McCain saves the GOP
The GOP was ready to commit political suicide over health care. Then the senior senator from Arizona stepped in.
John McCain might have just saved Republicans from committing political suicide — again.
On Friday, the Republican senator from Arizona announced that he could not vote "in good conscience" for the Cassidy-Graham bill, the Senate GOP's last-ditch effort to dismantle the Affordable Care Act. If the two other Republican senators already against this awful piece of legislation hold their ground, McCain will have effectively killed it. Conservatives will surely publicly moan and groan — "McCain strikes again," the Drudge Report announced — but he might have just saved their hides.
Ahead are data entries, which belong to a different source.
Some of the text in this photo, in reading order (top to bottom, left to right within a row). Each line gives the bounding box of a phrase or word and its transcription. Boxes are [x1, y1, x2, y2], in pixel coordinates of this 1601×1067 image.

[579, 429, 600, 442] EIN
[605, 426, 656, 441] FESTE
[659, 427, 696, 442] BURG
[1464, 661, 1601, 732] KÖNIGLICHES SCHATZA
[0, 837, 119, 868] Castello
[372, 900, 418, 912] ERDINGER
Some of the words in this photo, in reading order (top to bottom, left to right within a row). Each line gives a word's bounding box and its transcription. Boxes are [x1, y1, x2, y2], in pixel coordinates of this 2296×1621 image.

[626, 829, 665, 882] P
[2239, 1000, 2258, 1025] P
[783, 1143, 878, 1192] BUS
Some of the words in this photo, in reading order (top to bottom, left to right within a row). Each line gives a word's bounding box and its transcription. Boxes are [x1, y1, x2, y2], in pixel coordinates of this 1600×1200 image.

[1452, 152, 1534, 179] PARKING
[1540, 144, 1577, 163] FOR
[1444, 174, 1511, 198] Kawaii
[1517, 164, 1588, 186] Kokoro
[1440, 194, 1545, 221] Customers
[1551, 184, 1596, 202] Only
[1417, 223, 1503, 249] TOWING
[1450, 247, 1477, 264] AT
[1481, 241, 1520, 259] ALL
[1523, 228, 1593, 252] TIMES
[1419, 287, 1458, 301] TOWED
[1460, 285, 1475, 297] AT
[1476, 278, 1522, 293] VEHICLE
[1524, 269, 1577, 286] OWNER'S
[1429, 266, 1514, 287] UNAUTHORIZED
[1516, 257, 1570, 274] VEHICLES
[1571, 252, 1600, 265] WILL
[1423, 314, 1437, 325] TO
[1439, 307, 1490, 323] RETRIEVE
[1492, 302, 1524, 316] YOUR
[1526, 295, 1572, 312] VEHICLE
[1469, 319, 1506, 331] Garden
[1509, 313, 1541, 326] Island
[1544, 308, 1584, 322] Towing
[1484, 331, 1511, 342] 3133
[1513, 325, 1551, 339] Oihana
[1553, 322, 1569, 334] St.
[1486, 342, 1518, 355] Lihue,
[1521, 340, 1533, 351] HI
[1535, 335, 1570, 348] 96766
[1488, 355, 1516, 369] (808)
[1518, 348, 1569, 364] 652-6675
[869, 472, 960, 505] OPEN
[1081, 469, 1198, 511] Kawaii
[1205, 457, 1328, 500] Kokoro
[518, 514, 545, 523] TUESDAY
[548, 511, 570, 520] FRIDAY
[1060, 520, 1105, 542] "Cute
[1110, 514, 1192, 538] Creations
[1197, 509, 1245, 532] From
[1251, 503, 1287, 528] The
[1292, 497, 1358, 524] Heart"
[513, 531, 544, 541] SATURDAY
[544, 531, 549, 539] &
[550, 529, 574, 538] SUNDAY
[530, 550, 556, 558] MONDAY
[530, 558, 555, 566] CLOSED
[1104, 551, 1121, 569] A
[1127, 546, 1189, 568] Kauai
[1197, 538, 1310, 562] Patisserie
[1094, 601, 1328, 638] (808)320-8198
The politics of the still-fruitless Republican quest to repeal the ACA have always been confounding. Most Republicans would privately admit that they are trapped between the reality of health-care policy and their own rhetoric — the party has been promising forever to "repeal and replace" the ACA, but Republicans can't come up with a policy that isn't universally loathed and wouldn't do grievous harm to the health-care system. The tension between these two realities has given rise to an absurd political dynamic in which Republicans aggressively pursue repeal legislation while also recognizing that the legislation they want to pass is hot garbage.
This dissonance was on full display in the lead-up to the failed Senate vote to pass the so-called "skinny repeal" of the Affordable Care Act in July. That legislation, which arose out of the Senate GOP's inability to agree on a consensus plan, would have left much of the ACA in place while striking a few key provisions. Republicans were not eager to vote for it, but the desire to do something to "repeal" ObamaCare impelled them to act. To square the circle, several Republican senators said they would vote for "skinny repeal" only if they were promised that the bill would never be signed into law.
"Skinny repeal" collapsed quite dramatically when McCain voted against it on the Senate floor, but not before several vulnerable Republican Senate incumbents voted to pass it. One of those incumbents, Sen. Dean Heller (Nev.), told reporters after the vote that he was "pleased" that the ObamaCare repeal legislation he voted for had failed. So Republicans understand at some level that there will be a political backlash for voting to trash the health-care system, but they keep trying to do it anyway because they promised they would.
That brings us back to Graham-Cassidy, a far more destructive piece of legislation than the repeal bills that came before it. For the moment, this ruinous legislation looks moribund, but the fact that it stood even a chance of passing is a testament to the GOP's willingness to sabotage itself politically in deference to its myopic need to "repeal and replace" ObamaCare.
Even Republican senators who supported Graham-Cassidy said that it was not a good piece of legislation. They also said that they didn't particularly care and that voting to pass a "repeal" was a more important consideration than passing a good bill. "This is not the best possible bill — this is the best possible bill under the circumstances," Sen. Pat Roberts (R-Kan.) told Vox. "If we do nothing, I think it has a tremendous impact on the 2018 elections. And whether or not Republicans still maintain control and we have the gavel."
Sen. Chuck Grassley (R-Iowa) was just as straightforward. "I could maybe give you 10 reasons why this bill shouldn't be considered," he told reporters last week. "But Republicans campaigned on this so often that you have a responsibility to carry out what you said in the campaign. That's pretty much as much of a reason as the substance of the bill."
That's an absurd assessment of Graham-Cassidy, given that "the substance of the bill" would unleash health-care chaos nationwide and strip coverage from tens of millions of people. States that expanded Medicaid under the Affordable Care Act would see their federal funding levels gutted, and every state would have just two years to set up its own health-care system — a task that just isn't realistic given the complexities of health-care policy and the funding uncertainties baked into the legislation. People with pre-existing conditions who now enjoy protections against denial of coverage could have found themselves once again at the mercies of medical underwriters. Annual health-care costs for seniors could have spiked by as much as $16,000.
The party that votes to inflict that sort of havoc on the health-care system will invite electoral retribution from an electorate that (as past midterm elections have demonstrated) is acutely sensitive to health-care politics. But Republicans were gearing up to do exactly that because they're trapped by their own rhetoric and don't know what else to do. Graham-Cassidy is a ruinous piece of legislation and everyone seems to recognize that at some level. But it's something, and for most Republicans in Congress that's good enough.
They might not say so publicly, but if this bill goes down, they all owe McCain a huge favor.